- _WORK REQUEST_
Your copy should match the records exactly, except that no pictures appear in it.
□ □ □
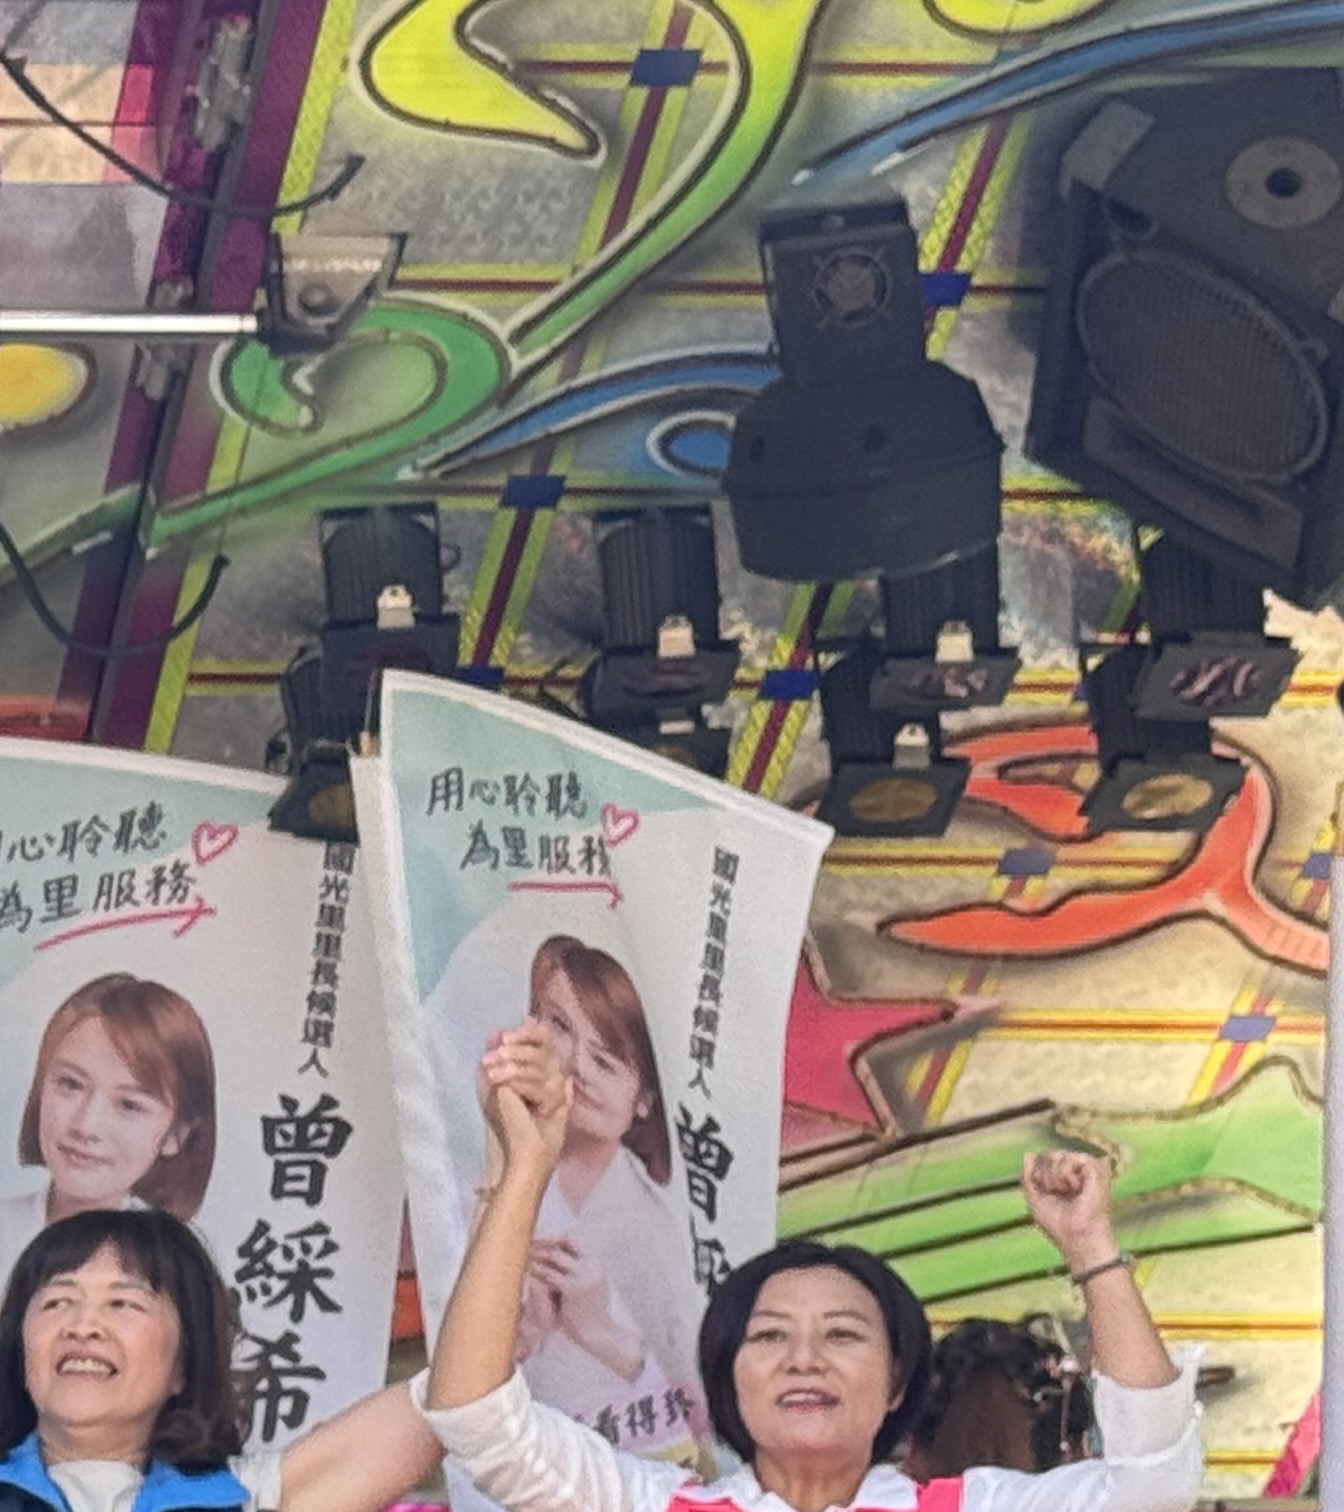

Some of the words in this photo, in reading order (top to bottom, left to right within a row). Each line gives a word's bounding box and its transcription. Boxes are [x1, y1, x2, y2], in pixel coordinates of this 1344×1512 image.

[426, 766, 589, 820] 用心聆聽
[228, 1093, 354, 1443] 曾綵希
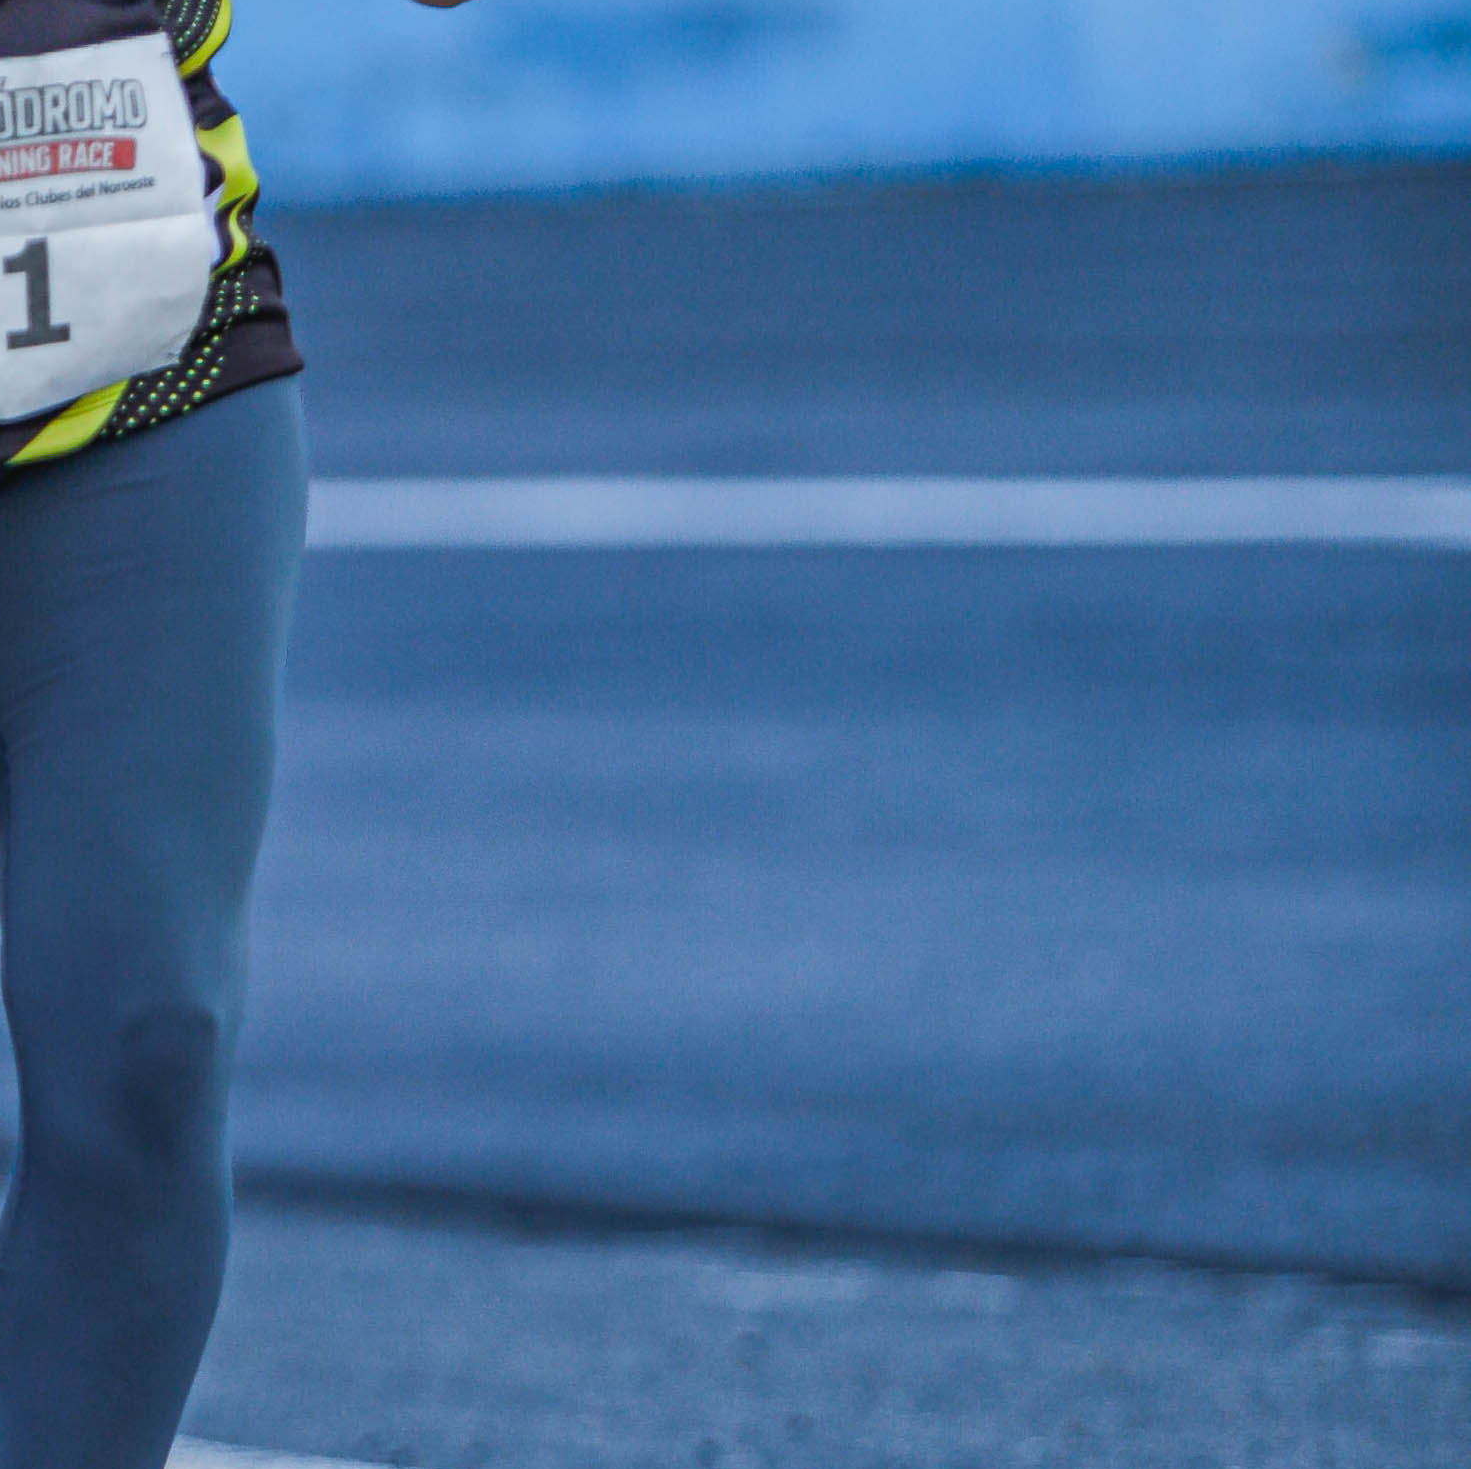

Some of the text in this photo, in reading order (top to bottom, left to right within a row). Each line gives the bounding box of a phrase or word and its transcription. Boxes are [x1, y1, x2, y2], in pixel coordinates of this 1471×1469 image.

[59, 141, 115, 171] RACE
[0, 193, 21, 209] los
[25, 187, 72, 207] Clubes
[77, 183, 96, 200] del
[99, 174, 156, 196] Noroeste
[3, 236, 70, 351] 1
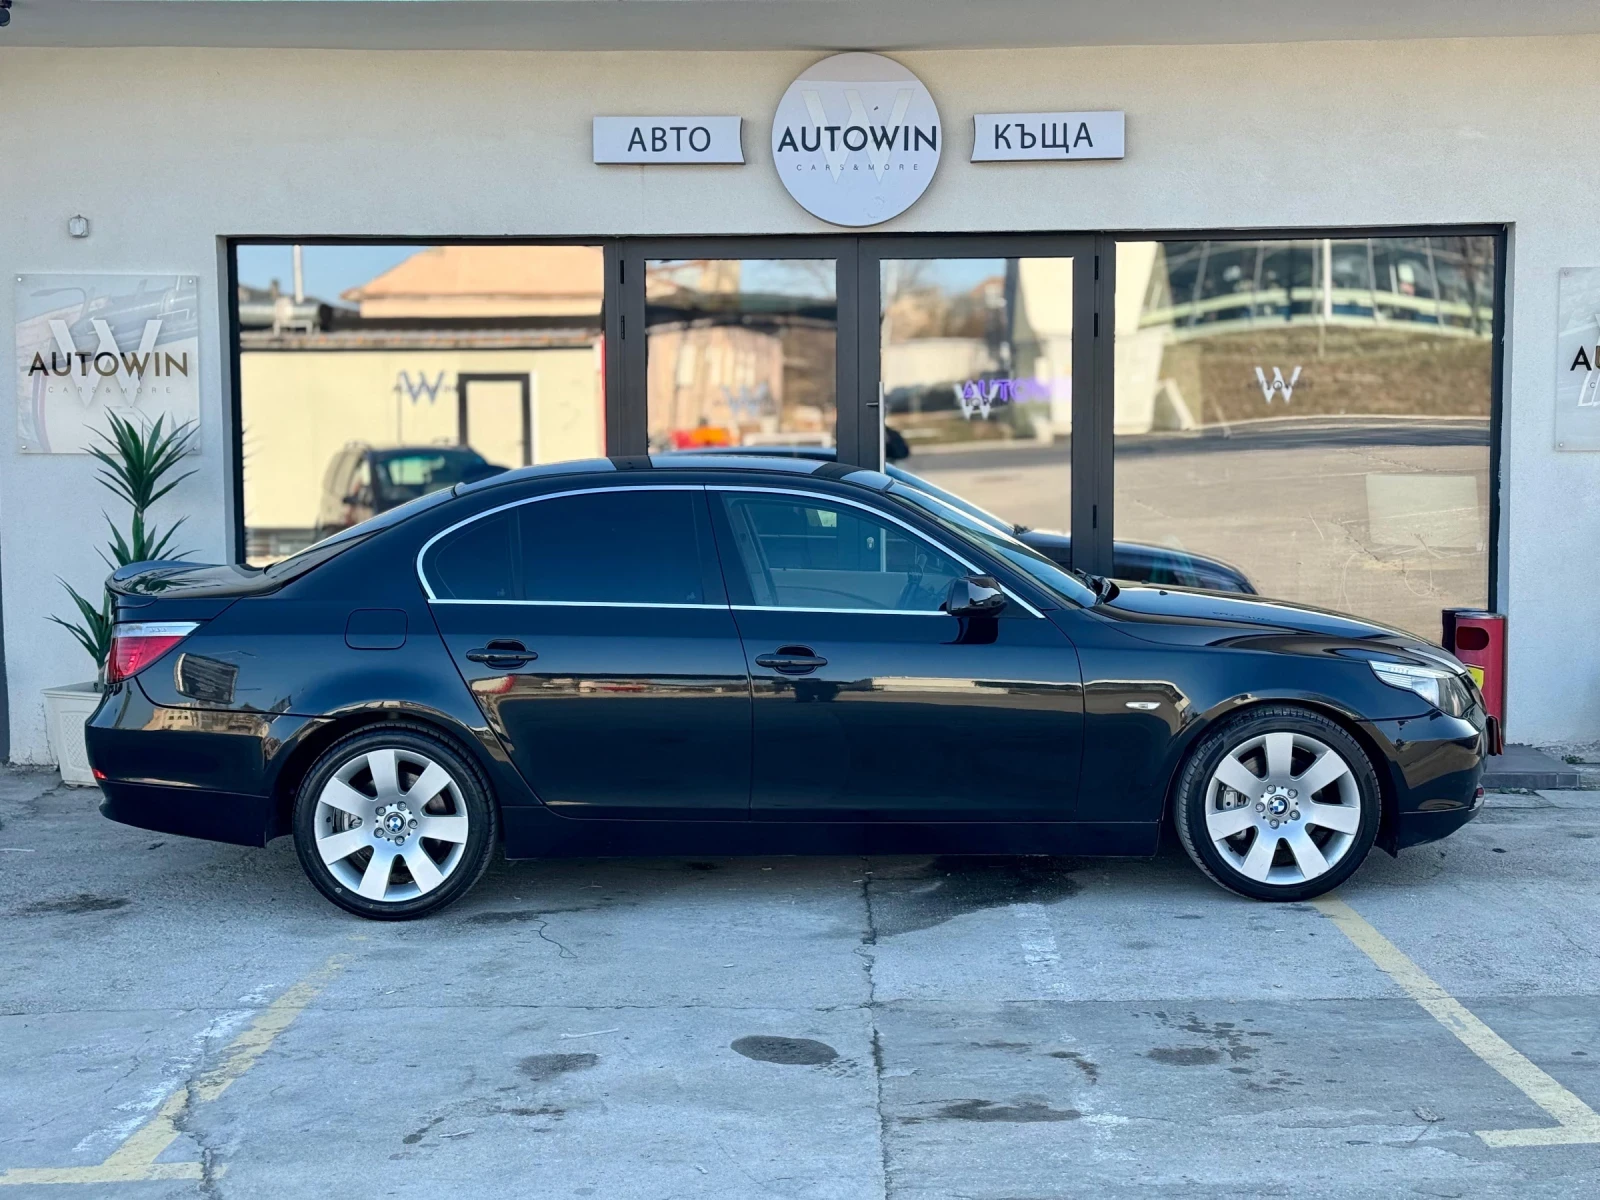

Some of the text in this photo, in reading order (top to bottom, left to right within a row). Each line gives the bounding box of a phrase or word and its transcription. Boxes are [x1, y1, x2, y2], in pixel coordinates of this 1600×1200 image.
□ □ □
- _EXPECTED OUTPUT_
Some of the words in this photo, in reading order (top to bottom, left to right within a row). Each line gives a word's bounding box and its transcription. Boxes are [x1, y1, x2, y2], in pixel coordinates of this 1344×1512 image.

[426, 766, 589, 820] 用心聆聽
[228, 1093, 354, 1443] 曾綵希

Some of the text in this photo, in reading order (top to bottom, left to right within a row). Each line gives the bounding box of a phrase or word and its transcription. Boxes are [x1, y1, x2, y2], in pixel coordinates of this 1471×1469 image.

[59, 141, 115, 171] RACE
[0, 193, 21, 209] los
[25, 187, 72, 207] Clubes
[77, 183, 96, 200] del
[99, 174, 156, 196] Noroeste
[3, 236, 70, 351] 1

Some of the text in this photo, in reading order (top to bottom, left to right within a row). Each line gives the bounding box of a phrase or word and its transcription. Boxes are [x1, y1, x2, y2], in pixel coordinates of this 1600×1200 image.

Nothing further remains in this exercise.